Firman mandato para financiamiento del proyecto Paracel

Sudamérica sigue consolidando el desarrollo foresto-industrial, con Arauco invirtiendo 4.600 MU$ en su proyecto Sucuriú, en Mato Grosso do Sul. Uruguay ya instaló tres de sus cuatro plantas de pasta celulósica, mientras trabaja para concretar su proyecto del nordeste. Por su parte, Paracel retoma el proyecto de su planta en Paraguay, mientras continúa con su inversión en forestación.

Los argentinos seguimos “viéndola pasar”, habiendo forestado nuestra Mesopotamia para alimentar dos plantas de celulosa. Mientras tanto, las forestaciones crecieron, algunas alcanzaron su madurez, otras se quemaron, y nadie se anima a plantar bandera, a pesar de tratarse de una inversión billonaria que cambiaría la dinámica industrial y forestal tanto de Corrientes como de Entre Ríos.

Volviendo a la noticia, Paracel es el primer proyecto forestal celulósico paraguayo, desarrollado en Concepción, una región norteña con bajo desarrollo económico.

Esta nueva empresa paraguaya cuenta con 200.000 ha de tierras propias y una inversión de 4.000 MU$, de los cuales 1.500 MU$ estarán destinados a la forestación y 2.500 MU$ a la planta industrial.

Dicha inversión está liderada por el grupo local Zapag, Heinzel Holding GmbH y el grupo sueco Girindus Investments.

El proyecto avanza con la compra de tierras y la forestación de eucaliptos, con la meta de abastecer la futura planta. Ya cuenta con 80.000 hectáreas plantadas y continúa con su plan de expansión forestal. En el primer semestre de este año, los inversores anunciaron que la inversión industrial se pondría on hold una vez completado el movimiento de suelo, a la espera de mejores condiciones de financiamiento en el mercado internacional.

Este mes se anunció que BID Invest firmó un mandato con Paracel S.A. para “el desarrollo de un hub industrial y sentar las bases para una futura expansión de su planta de celulosa en Concepción”.

El proyecto en evaluación contempla la construcción de infraestructura esencial, como líneas de transmisión eléctrica, un puerto fluvial privado y otras obras complementarias que habilitarían la llegada de nuevas industrias vinculadas al sector. La locación busca capitalizar ventajas estratégicas como la disponibilidad de recursos forestales en la región, el acceso a energía renovable, los beneficios de la zona franca y la optimización logística.

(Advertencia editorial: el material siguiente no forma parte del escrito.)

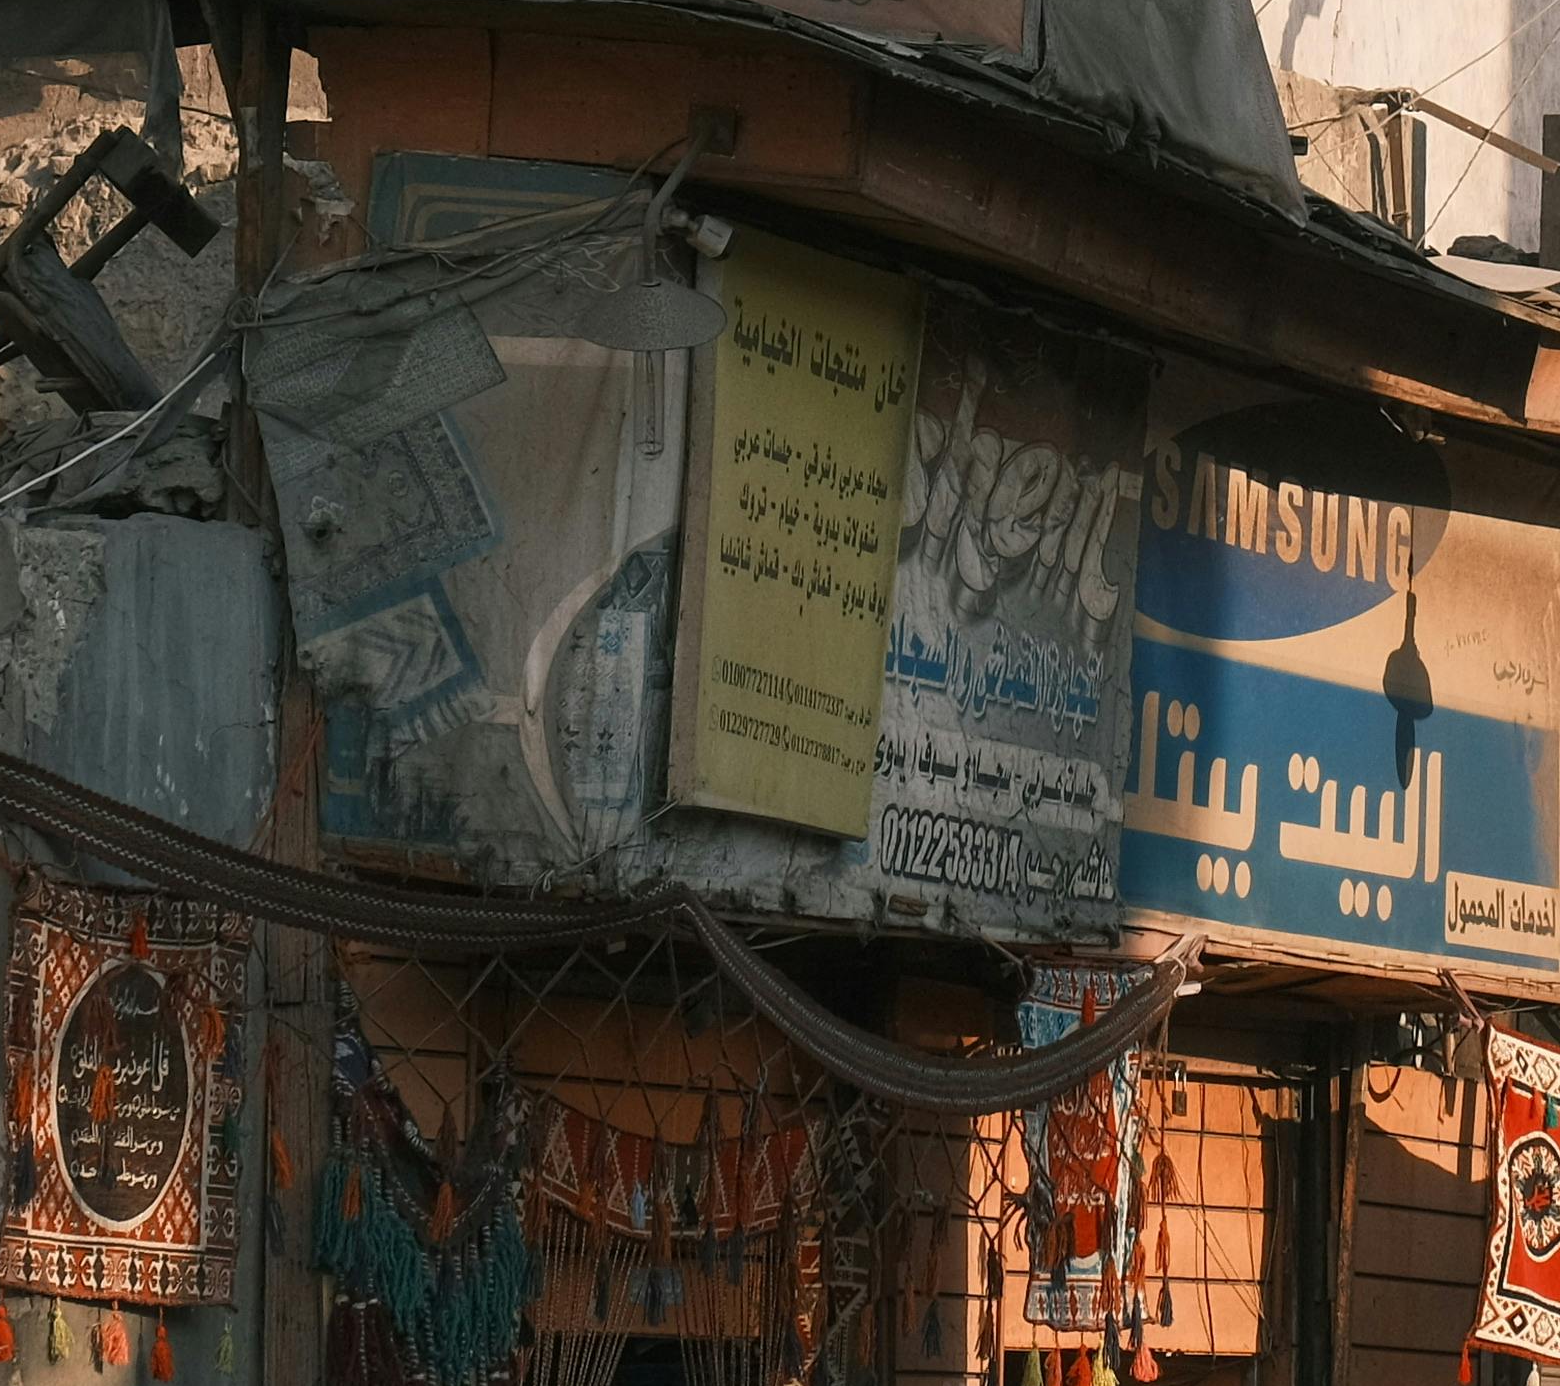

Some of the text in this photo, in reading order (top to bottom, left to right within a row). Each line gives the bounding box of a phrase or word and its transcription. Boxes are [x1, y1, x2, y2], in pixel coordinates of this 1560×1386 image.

Según indicó el BID, “el financiamiento de largo plazo, actualmente en análisis por el banco de desarrollo y sujeto a las aprobaciones correspondientes de la institución, contemplaría la movilización de recursos adicionales de bancos comerciales internacionales y entidades financieras de desarrollo, lo cual forma parte de la estrategia de BID Invest para atraer más capital privado hacia proyectos de desarrollo en Paraguay”.

Este mandato, en caso de tener éxito, permitiría sumar nuevos inversores, retomando así la instalación de la planta de pasta celulósica junto con la infraestructura energética y logística imprescindible para su operación.